Thursday, February 24, 2011

What Is The Real Agenda Of The Budget-Cutters?

Campaign for America's Future: What is the real agenda of the budget-cutters? Are they really trying to bring the country back from the edge of financial ruin? Or did they bring about the appearance of a borrowing crisis to create a public panic that enables them to impose "solutions" that change the very nature of our country -- while doing little about the borrowing?
In the news this week, Wisconsin Governor Scott Walker "ginned up" a budget crisis, then introduced legislation that removes collective bargaining rights from public employees, and over time effectively destroys their unions.
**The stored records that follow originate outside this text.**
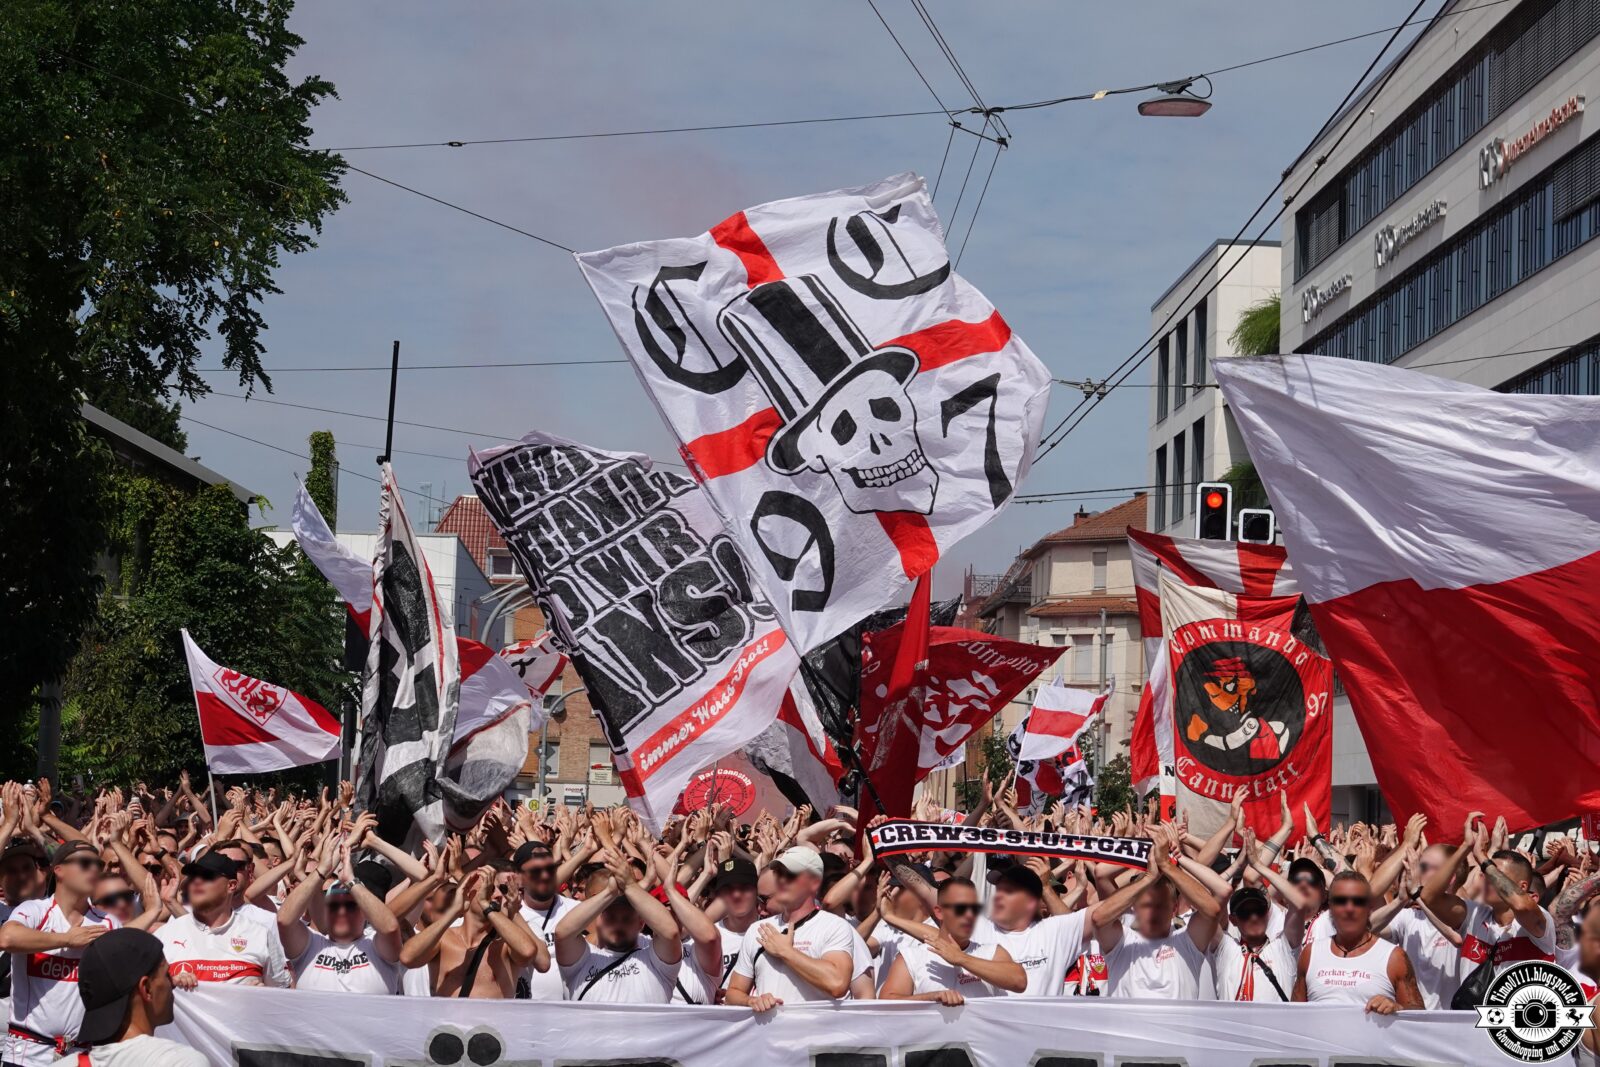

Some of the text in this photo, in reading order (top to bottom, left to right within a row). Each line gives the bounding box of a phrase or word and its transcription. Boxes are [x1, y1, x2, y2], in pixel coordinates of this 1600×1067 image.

[940, 372, 1013, 510] 7
[1169, 621, 1308, 665] Commando
[1306, 691, 1329, 717] 97
[639, 720, 695, 771] immer
[1005, 829, 1152, 861] STUTTGAR
[41, 957, 79, 979] debi
[1324, 979, 1357, 987] Stuttgart
Similar measures have been introduced by Republican governors or legislatures in several other states.

This legislative attack on public employees follows more than a year of "preparing the ground" with a coordinated campaign from conservative organizations to convince the public that public employees are overpaid and that their pensions are "bankrupting" state governments -- not the effects of the recession.
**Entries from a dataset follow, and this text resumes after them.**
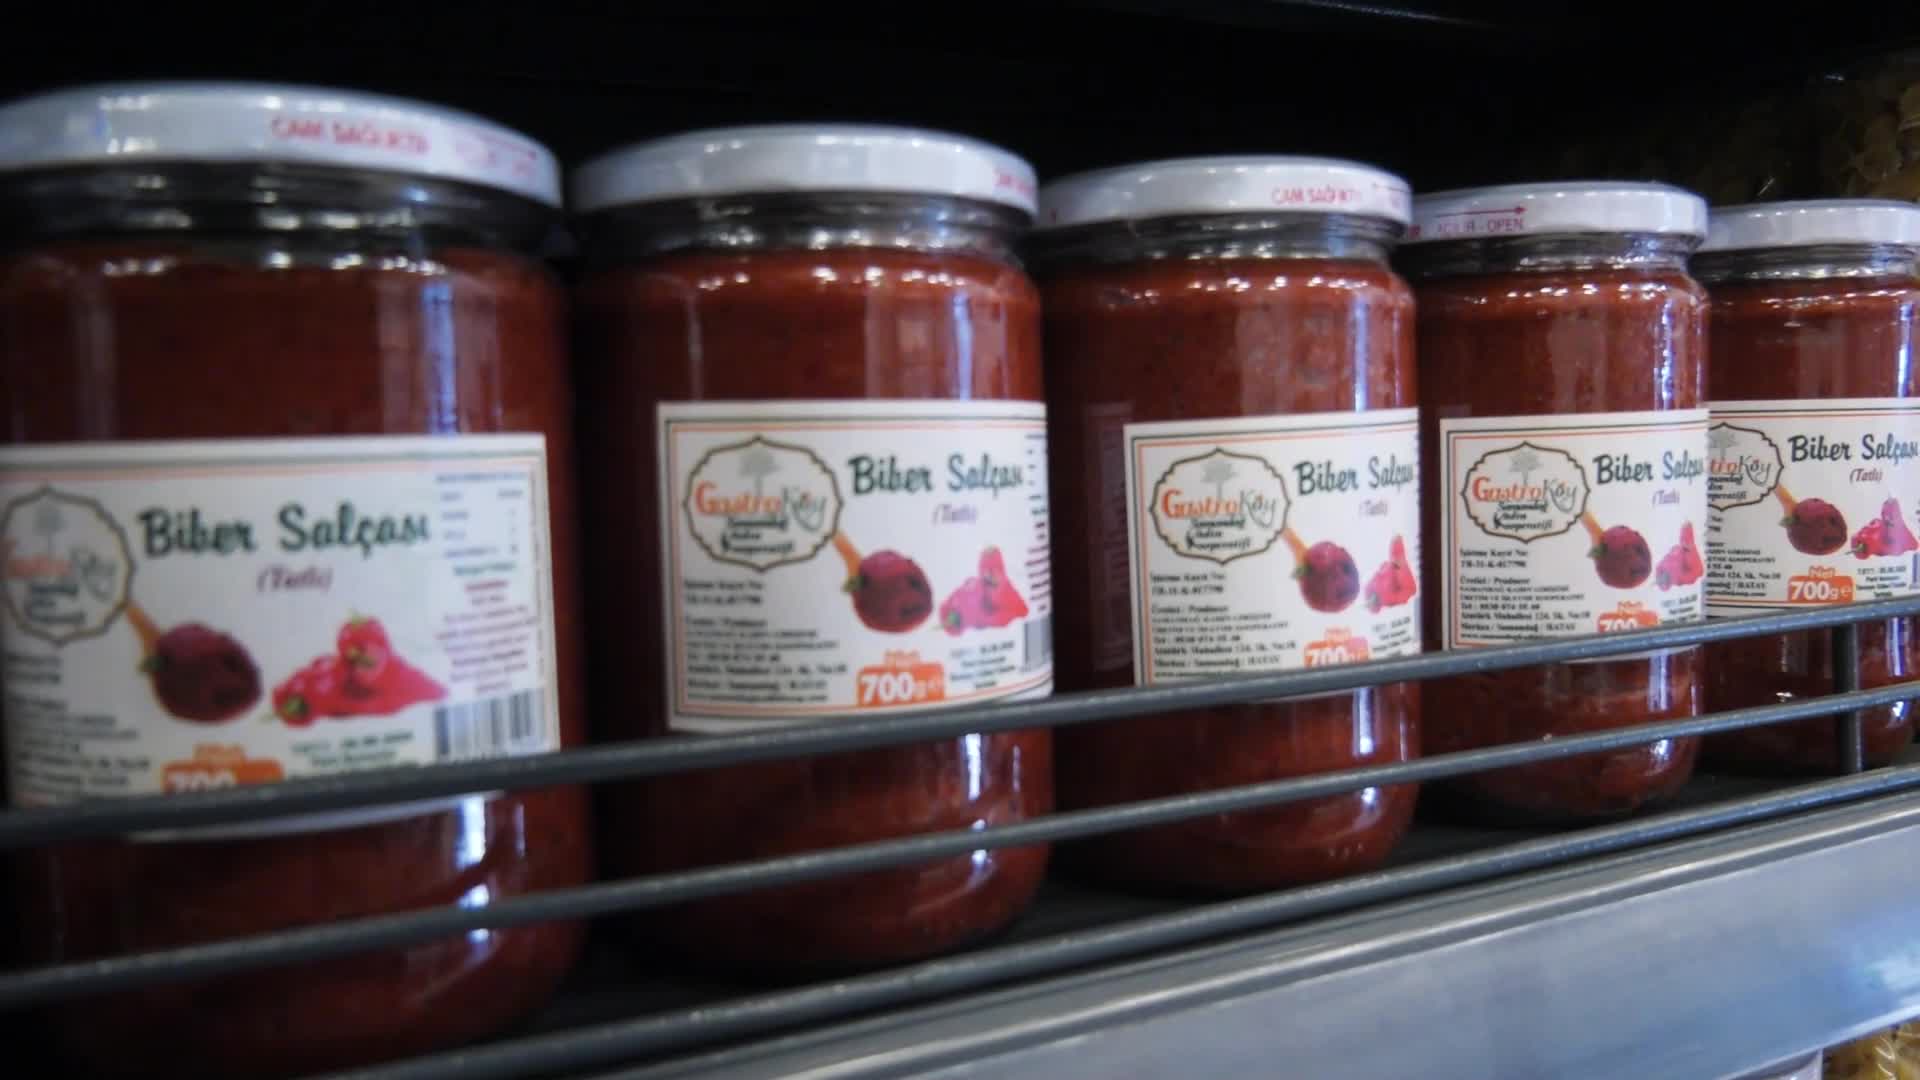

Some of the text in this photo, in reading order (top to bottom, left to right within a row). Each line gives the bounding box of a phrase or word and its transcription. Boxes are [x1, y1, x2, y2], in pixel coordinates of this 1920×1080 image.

[1487, 217, 1525, 232] OPEN
[1787, 434, 1852, 462] Biber
[848, 454, 933, 495] Biber
[1293, 459, 1359, 496] Biber
[1592, 453, 1654, 486] Biber
[1472, 476, 1578, 513] GastroKöy
[139, 508, 258, 557] Biber
[277, 502, 430, 558] Salçası
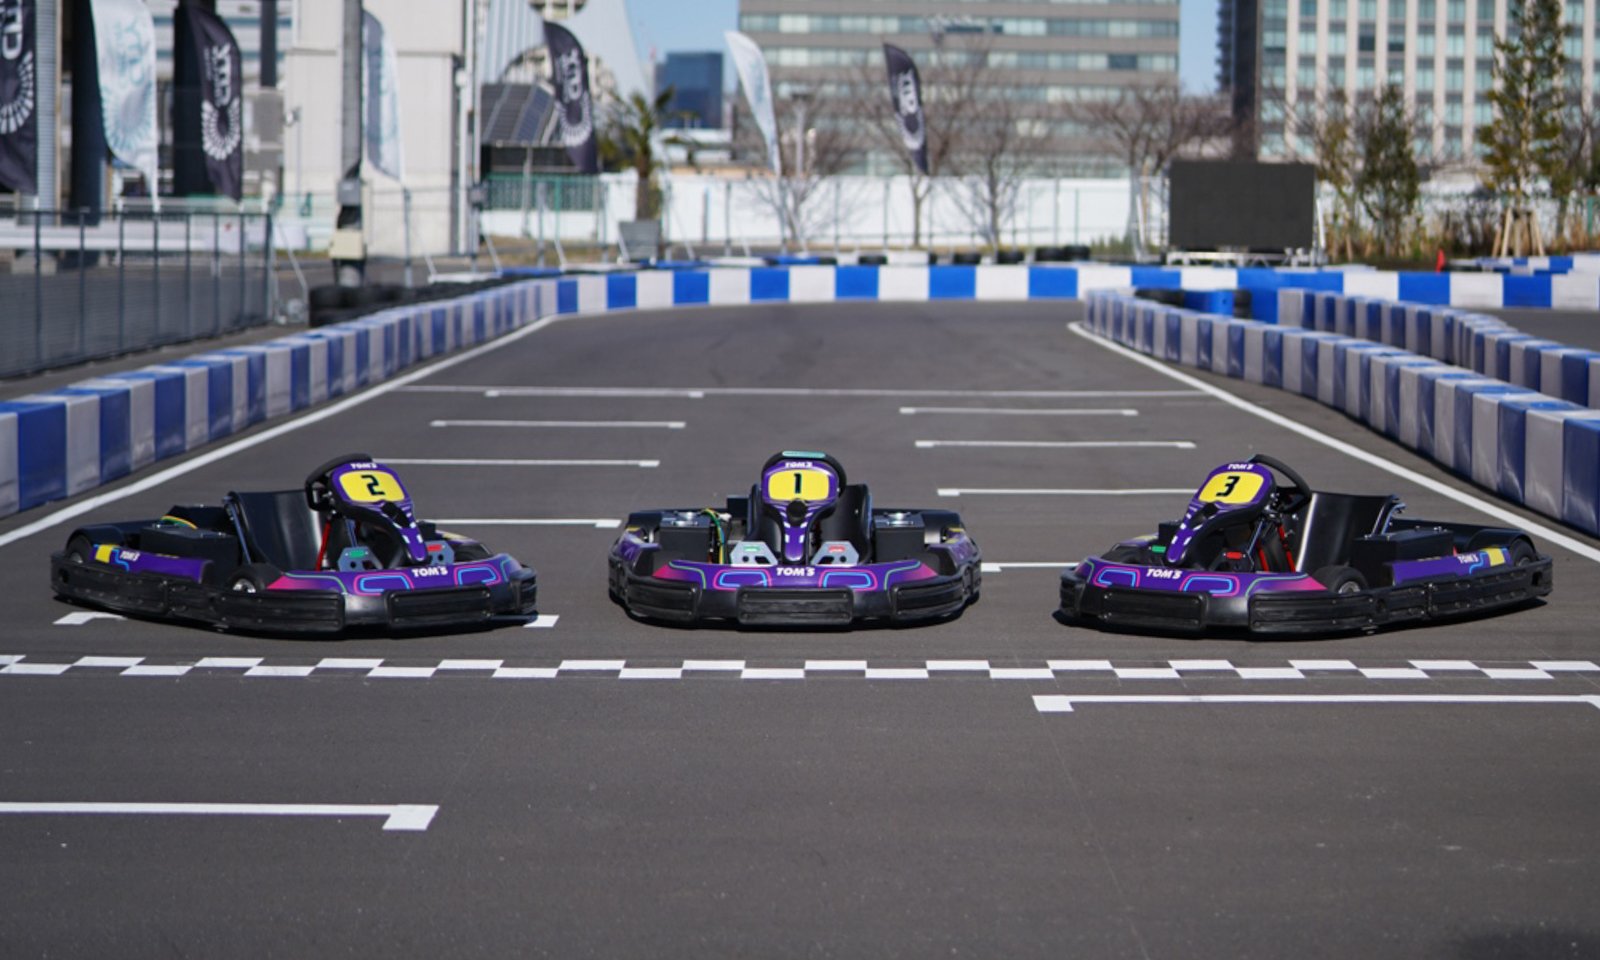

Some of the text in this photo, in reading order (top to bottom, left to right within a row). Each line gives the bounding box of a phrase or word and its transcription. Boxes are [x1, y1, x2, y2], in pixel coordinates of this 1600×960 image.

[361, 474, 386, 496] 2
[793, 473, 802, 494] 1
[1215, 475, 1240, 497] 3
[411, 566, 449, 578] TOM'S
[776, 566, 816, 577] TOM'S
[1146, 568, 1182, 580] TOM'S
In the news soon, the coming strategic "shutdown" of the federal government by Republicans. After decades of forcing through tax cuts for the wealthy and corporations, again and again -- most recently just a few weeks ago -- Republicans and corporate conservatives are engaged in a national campaign promoting the belief that there is a "deficit crisis." Their solutions involve gutting the things government does for We, the People like consumer, health, safety, labor and financial, retirement and income protections, while keeping things the government does for corporations and the wealthy "off the table."

We see variations of the same formula over and over. Here is how it works:
  1. Cut taxes for the rich and corporations (corporate stock is mostly owned by the top 1%); big deficits result.
  2. Claim a deficit emergency and use their domination of corporate-owned media to whip the public into a panic, creating the appearance of demand for corporate-approved "solutions." Manipulate the appearance of consensus.
  3. With taxes and military “off the table” push through cuts in the things government does for We, the People.
Repeat as often as needed to create a plutocracy.

Read the rest of the story at the Campaign for America's Future.
Texas Observer: For many Texas legislators and conservative activists, the budget crisis is a thing of wonder—a once-in-a-generation chance to drown government in the bathtub, to use anti-tax crusader Grover Norquist’s infamous phrase.
In the mid 1980's conservative activist Grover Norquist famously said, "My goal is to cut government in half in twenty-five years, to get it down to the size where we can drown it in the bathtub."

"Starving the beast" so it is small enough to "drown in the bathtub" is a fiscal-political strategy adopted by American conservatives in the 1970's to create and greatly increase budget deficits via tax cuts so that it forces ever increasing reductions to government.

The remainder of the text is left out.